### THE PROBLEM
Please copy only the material from the line that has "this 1280×1281 image." to the very last line, both ends included, exactly as written and without pictures.

========

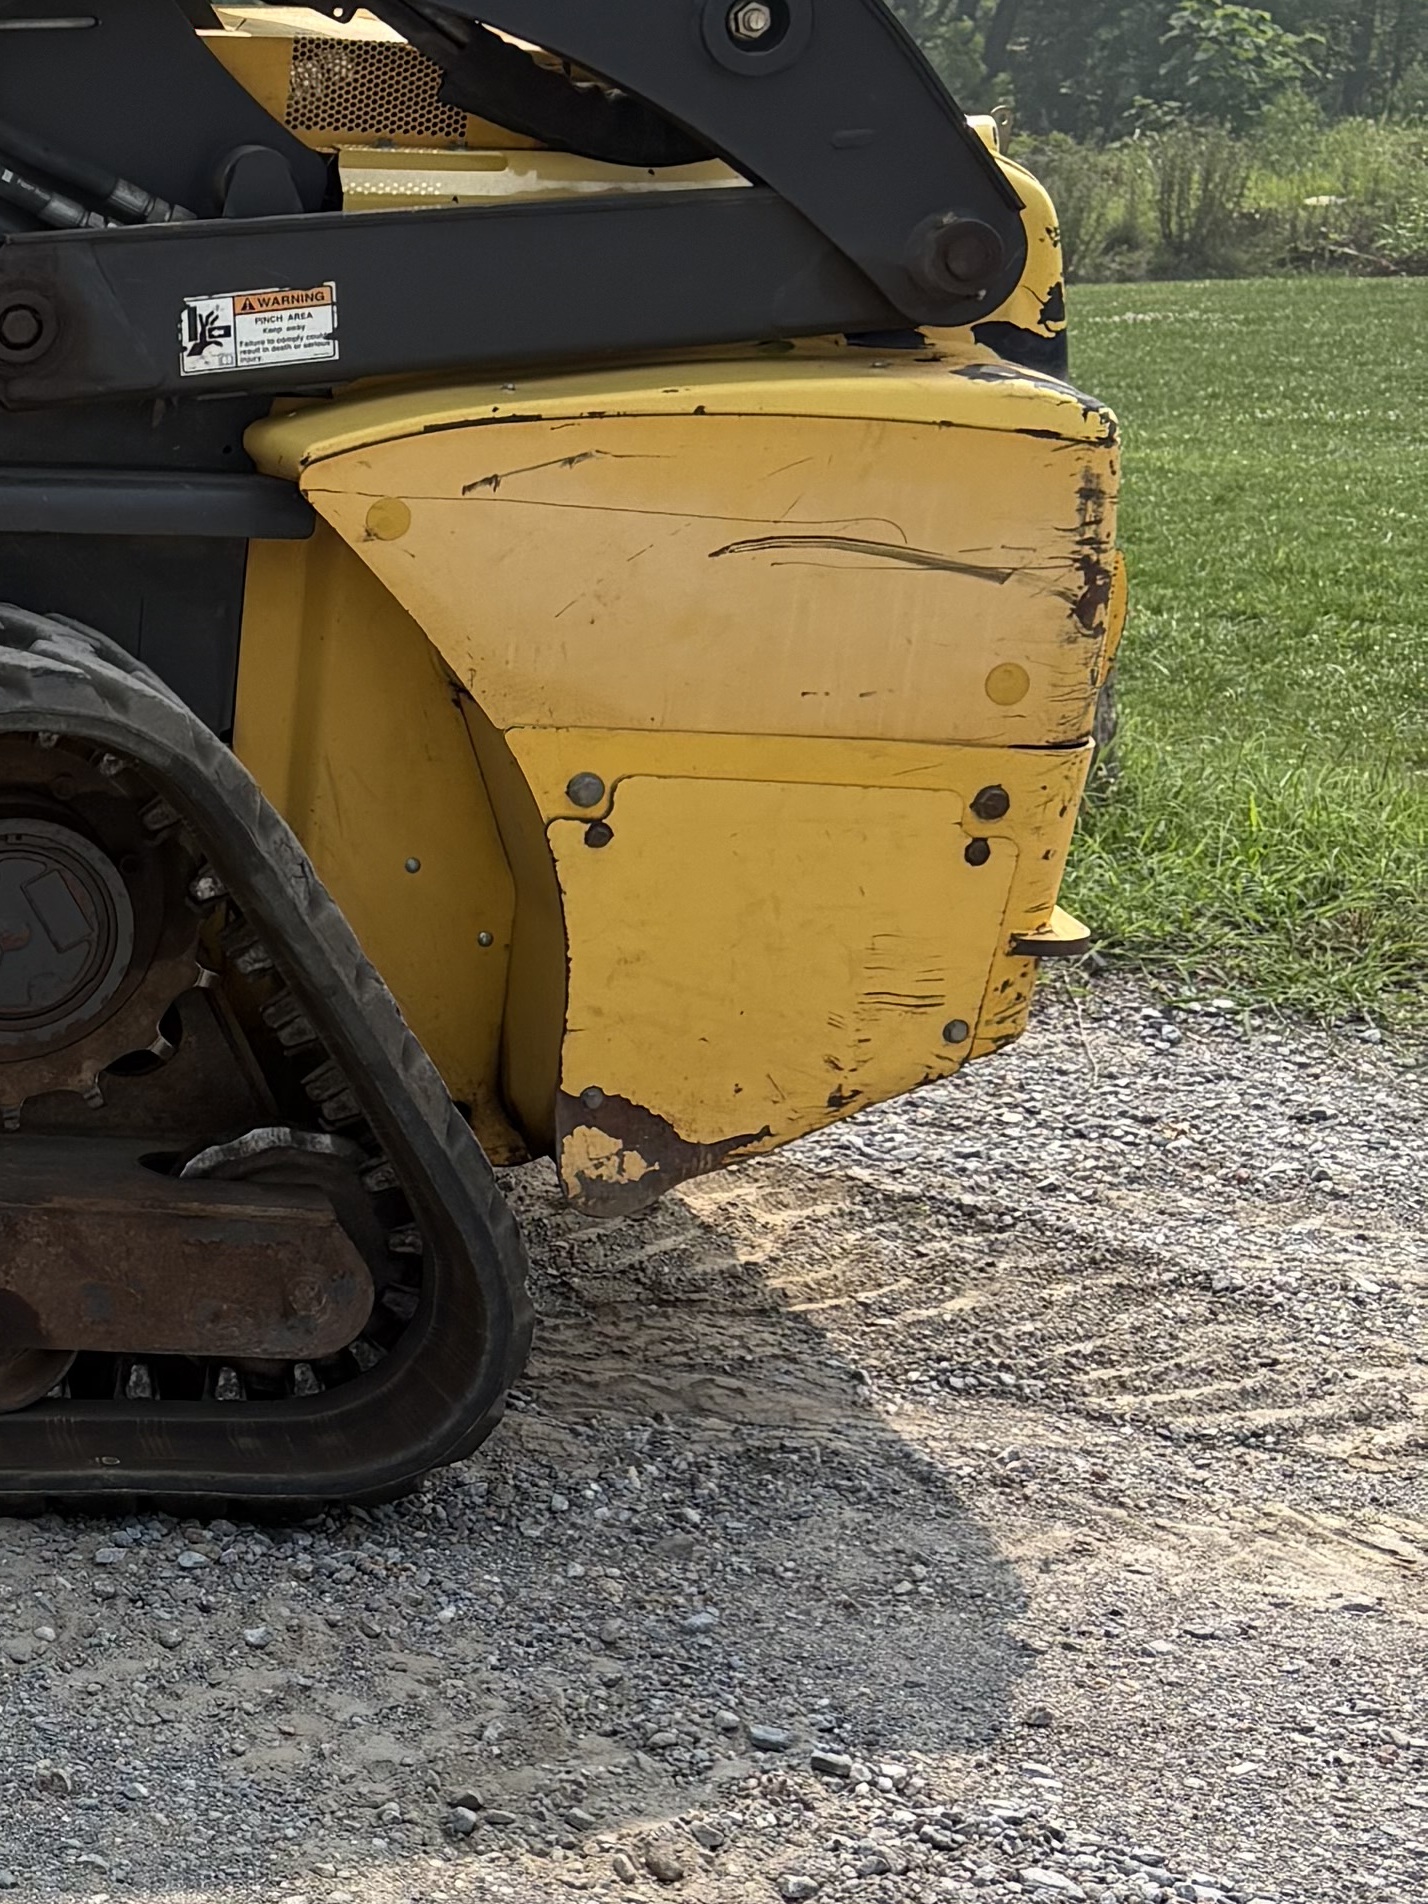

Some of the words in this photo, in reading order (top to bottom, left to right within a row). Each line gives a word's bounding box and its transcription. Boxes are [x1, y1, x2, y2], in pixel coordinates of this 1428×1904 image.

[256, 291, 325, 308] WARNING
[255, 314, 283, 325] PINCH
[287, 311, 313, 321] AREA
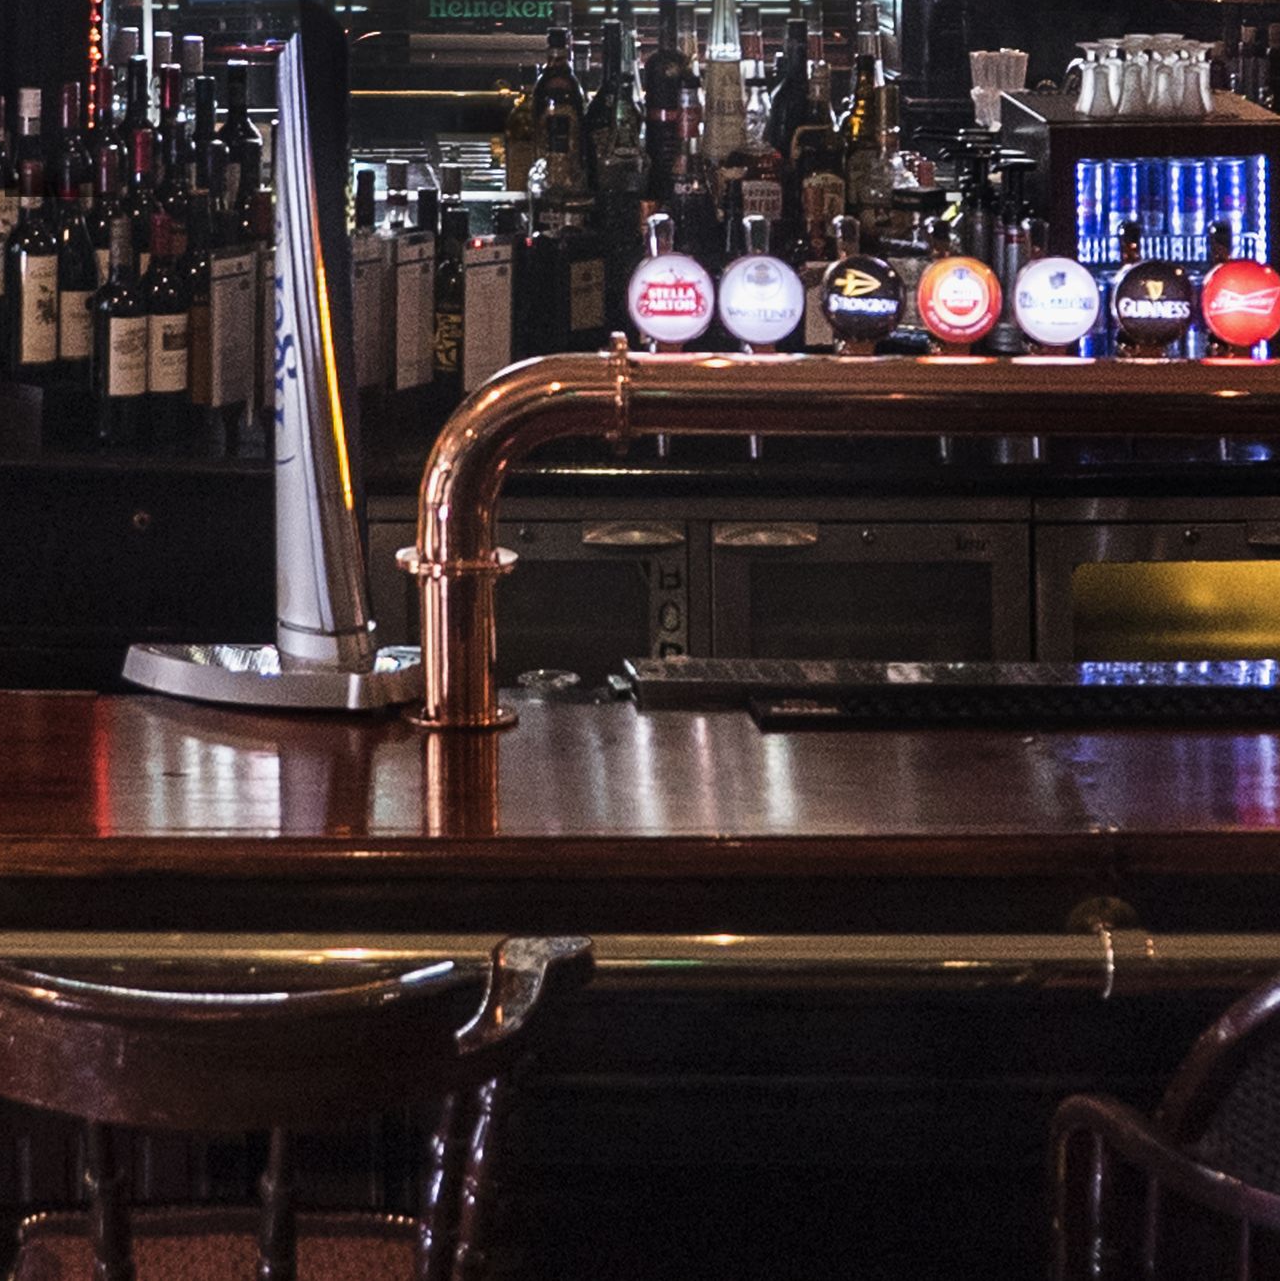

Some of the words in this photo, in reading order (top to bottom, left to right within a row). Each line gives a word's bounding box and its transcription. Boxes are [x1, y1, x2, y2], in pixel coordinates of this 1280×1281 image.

[648, 287, 696, 300] STELLA
[648, 299, 697, 312] ARTOIS
[829, 293, 898, 315] STRONGBOW
[1119, 299, 1190, 318] GUINNESS
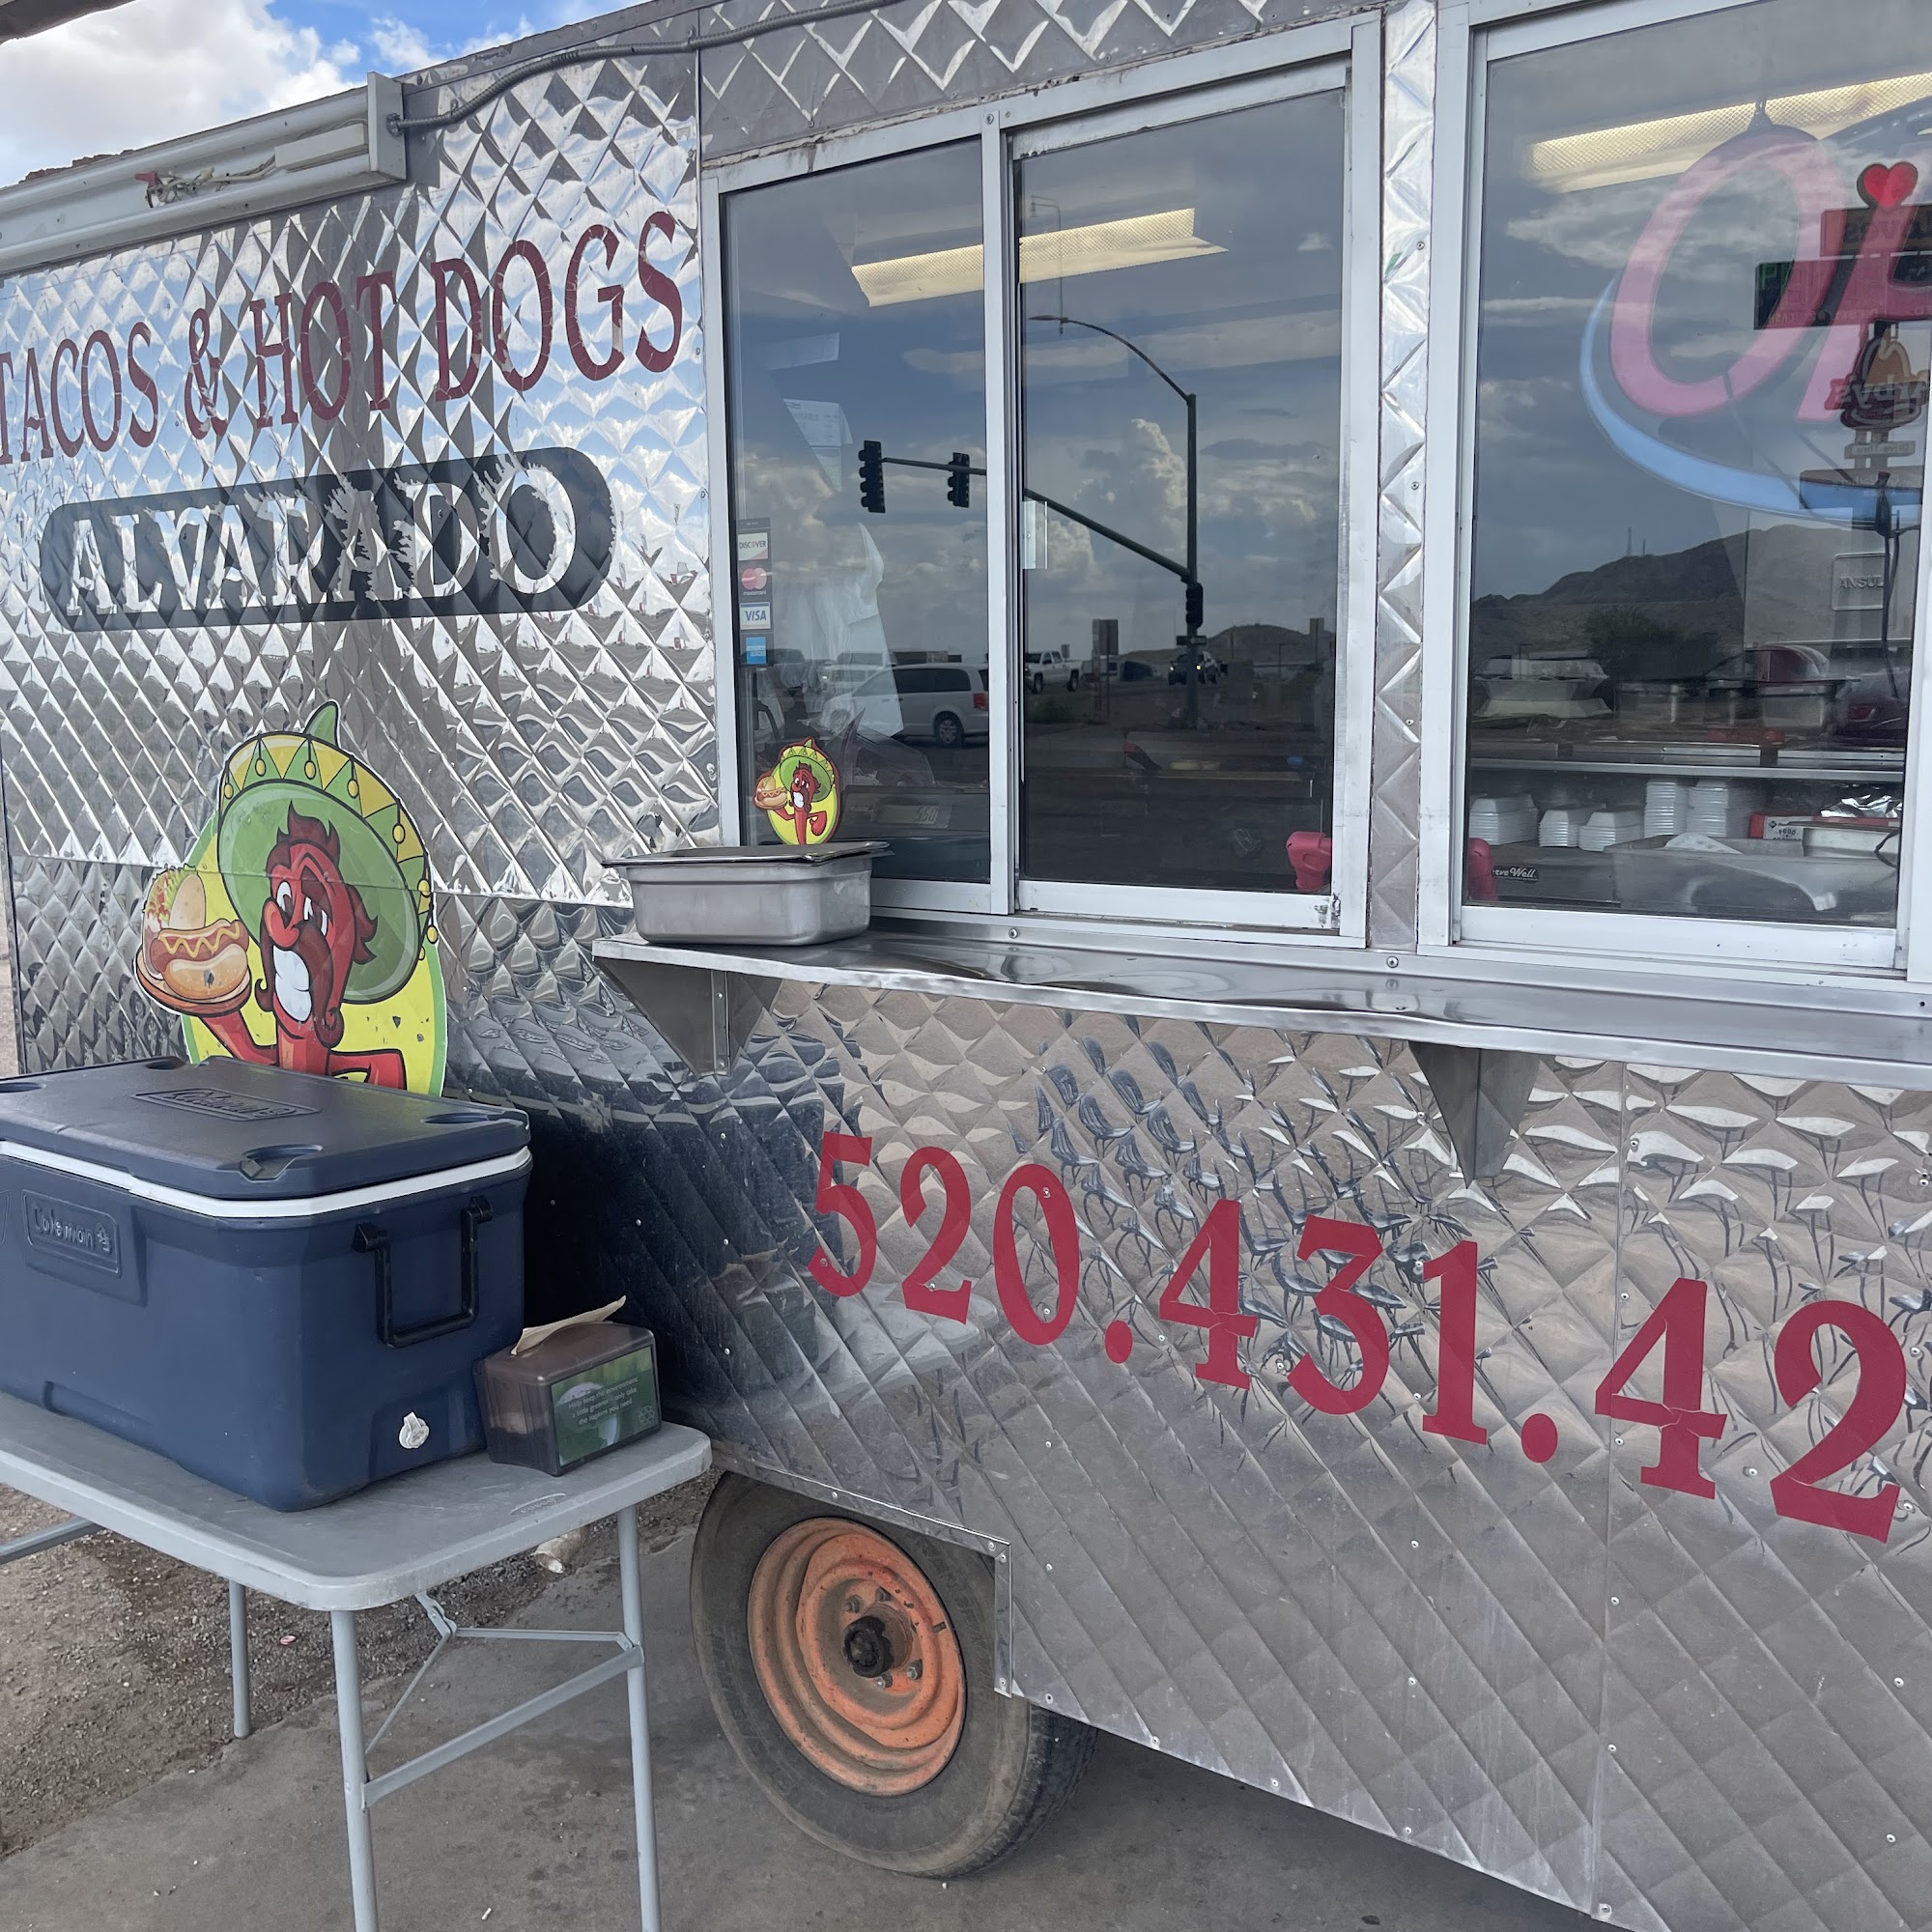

========

### SOLVED EXERCISE
Some of the words in this photo, in reading order (top to bottom, left to right within a row). Each line gives a word's bounding box and its transcription. Boxes are [x1, y1, x2, y2], in pixel coordinates of this 1280×1281 image.

[648, 287, 696, 300] STELLA
[648, 299, 697, 312] ARTOIS
[829, 293, 898, 315] STRONGBOW
[1119, 299, 1190, 318] GUINNESS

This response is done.